(RECORD EXCERPTS)

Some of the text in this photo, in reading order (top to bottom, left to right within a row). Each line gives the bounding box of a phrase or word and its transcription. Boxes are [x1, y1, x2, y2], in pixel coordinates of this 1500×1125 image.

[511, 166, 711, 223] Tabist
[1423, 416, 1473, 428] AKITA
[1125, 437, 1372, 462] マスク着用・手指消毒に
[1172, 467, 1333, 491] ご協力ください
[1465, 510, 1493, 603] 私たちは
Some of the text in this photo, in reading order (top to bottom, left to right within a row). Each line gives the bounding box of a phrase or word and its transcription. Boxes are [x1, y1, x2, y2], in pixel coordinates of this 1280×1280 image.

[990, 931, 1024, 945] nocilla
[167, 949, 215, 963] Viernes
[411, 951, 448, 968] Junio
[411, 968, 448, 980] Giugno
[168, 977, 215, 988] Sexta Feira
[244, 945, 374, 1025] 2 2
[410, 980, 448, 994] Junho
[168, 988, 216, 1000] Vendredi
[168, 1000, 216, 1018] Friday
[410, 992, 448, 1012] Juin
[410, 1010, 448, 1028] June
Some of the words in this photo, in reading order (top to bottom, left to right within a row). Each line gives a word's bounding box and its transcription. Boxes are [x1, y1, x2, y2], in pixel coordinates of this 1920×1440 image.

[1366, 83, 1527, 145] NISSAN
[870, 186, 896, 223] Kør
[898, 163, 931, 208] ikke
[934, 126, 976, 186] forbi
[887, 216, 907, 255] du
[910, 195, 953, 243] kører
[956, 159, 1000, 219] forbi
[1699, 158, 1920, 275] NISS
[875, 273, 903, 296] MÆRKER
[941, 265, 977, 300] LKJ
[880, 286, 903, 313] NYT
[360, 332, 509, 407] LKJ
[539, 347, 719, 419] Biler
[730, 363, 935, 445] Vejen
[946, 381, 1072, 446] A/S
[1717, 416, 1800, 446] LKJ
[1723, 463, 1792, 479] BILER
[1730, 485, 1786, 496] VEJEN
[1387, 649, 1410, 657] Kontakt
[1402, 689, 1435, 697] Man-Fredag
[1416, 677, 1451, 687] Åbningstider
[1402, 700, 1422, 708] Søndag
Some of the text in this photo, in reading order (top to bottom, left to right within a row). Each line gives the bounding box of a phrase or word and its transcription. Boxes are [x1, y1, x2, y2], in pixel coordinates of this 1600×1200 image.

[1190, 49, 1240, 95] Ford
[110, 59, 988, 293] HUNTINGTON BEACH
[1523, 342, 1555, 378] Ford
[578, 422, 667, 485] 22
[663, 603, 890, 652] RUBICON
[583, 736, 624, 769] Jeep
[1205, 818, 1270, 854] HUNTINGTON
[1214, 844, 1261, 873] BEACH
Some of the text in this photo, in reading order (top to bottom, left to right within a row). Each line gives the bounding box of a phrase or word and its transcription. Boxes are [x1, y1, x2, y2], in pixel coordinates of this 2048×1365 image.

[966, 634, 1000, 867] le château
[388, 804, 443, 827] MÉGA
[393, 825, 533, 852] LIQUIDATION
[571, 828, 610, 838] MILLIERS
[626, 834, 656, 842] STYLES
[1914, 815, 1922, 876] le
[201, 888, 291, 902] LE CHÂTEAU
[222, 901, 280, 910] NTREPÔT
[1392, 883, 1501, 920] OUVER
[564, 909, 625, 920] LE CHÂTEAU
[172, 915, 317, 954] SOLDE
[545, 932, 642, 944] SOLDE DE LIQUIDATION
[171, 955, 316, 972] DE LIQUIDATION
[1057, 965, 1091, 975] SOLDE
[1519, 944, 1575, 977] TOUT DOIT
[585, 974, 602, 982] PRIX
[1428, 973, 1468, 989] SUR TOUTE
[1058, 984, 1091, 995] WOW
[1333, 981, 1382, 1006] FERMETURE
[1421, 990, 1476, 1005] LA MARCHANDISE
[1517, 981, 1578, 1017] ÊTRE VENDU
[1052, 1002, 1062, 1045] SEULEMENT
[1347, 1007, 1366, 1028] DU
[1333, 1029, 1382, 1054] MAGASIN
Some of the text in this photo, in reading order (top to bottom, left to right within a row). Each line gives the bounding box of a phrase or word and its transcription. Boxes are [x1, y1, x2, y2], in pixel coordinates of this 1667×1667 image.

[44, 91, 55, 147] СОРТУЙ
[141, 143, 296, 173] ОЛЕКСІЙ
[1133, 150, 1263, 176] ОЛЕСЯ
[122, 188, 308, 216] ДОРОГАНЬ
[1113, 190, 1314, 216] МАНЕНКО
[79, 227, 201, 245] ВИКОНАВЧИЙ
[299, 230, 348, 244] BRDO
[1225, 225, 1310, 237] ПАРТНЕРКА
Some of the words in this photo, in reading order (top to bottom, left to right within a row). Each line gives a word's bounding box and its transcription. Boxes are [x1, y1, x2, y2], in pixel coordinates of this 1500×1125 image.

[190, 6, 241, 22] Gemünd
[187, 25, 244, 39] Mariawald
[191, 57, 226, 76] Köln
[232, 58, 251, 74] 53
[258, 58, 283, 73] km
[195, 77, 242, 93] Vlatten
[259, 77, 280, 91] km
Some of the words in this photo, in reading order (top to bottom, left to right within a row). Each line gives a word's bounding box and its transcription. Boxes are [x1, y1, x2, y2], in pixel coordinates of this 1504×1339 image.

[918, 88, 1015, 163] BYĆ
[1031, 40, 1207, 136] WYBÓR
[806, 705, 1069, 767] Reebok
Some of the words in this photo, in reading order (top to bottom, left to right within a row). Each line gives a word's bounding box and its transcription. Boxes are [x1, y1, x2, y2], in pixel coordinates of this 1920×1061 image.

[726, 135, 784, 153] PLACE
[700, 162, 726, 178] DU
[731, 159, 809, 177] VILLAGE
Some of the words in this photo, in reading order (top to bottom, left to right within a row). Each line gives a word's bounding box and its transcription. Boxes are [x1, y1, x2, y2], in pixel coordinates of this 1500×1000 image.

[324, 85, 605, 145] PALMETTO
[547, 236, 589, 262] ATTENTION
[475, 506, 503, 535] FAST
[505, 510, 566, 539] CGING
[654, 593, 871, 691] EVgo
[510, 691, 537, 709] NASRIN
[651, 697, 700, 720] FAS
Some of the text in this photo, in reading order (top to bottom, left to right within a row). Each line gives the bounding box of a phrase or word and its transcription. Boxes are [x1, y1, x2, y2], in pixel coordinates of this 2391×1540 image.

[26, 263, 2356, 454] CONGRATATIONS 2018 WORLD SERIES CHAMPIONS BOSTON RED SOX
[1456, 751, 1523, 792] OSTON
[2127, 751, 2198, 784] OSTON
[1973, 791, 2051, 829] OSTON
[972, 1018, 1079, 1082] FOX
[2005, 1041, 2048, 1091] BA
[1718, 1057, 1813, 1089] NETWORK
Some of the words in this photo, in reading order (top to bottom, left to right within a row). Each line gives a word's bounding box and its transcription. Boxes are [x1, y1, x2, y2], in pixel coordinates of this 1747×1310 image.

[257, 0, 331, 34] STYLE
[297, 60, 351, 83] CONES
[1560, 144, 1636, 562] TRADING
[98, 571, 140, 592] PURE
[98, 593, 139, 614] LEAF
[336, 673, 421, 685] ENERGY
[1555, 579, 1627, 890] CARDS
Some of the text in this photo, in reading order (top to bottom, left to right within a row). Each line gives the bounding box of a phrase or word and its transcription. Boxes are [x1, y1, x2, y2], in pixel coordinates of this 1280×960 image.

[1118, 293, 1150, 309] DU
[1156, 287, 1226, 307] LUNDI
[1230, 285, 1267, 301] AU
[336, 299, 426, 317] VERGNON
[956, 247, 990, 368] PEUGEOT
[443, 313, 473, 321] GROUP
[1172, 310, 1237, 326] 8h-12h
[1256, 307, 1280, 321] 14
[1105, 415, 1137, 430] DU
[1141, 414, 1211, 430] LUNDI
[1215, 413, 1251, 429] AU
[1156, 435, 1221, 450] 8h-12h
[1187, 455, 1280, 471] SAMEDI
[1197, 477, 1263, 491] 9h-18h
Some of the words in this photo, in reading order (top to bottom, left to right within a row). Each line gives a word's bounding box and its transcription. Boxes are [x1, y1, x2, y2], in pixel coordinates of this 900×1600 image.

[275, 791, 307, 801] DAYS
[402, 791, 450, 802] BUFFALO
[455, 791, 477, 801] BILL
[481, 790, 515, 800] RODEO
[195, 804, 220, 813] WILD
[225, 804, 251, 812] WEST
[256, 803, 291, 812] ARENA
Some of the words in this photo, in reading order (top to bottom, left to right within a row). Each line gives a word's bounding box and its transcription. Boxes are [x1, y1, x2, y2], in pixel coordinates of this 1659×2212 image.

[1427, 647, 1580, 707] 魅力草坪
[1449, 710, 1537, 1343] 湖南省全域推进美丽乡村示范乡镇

(End RECORD EXCERPTS)

Beginning at the line that contains "this 900×1600 image.", transcribe every line through the end of the material exactly, leaving out all earlier lines.

Some of the words in this photo, in reading order (top to bottom, left to right within a row). Each line gives a word's bounding box and its transcription. Boxes are [x1, y1, x2, y2], in pixel coordinates of this 900×1600 image.

[275, 791, 307, 801] DAYS
[402, 791, 450, 802] BUFFALO
[455, 791, 477, 801] BILL
[481, 790, 515, 800] RODEO
[195, 804, 220, 813] WILD
[225, 804, 251, 812] WEST
[256, 803, 291, 812] ARENA
Some of the words in this photo, in reading order (top to bottom, left to right within a row). Each line gives a word's bounding box and its transcription. Boxes are [x1, y1, x2, y2], in pixel coordinates of this 1659×2212 image.

[1427, 647, 1580, 707] 魅力草坪
[1449, 710, 1537, 1343] 湖南省全域推进美丽乡村示范乡镇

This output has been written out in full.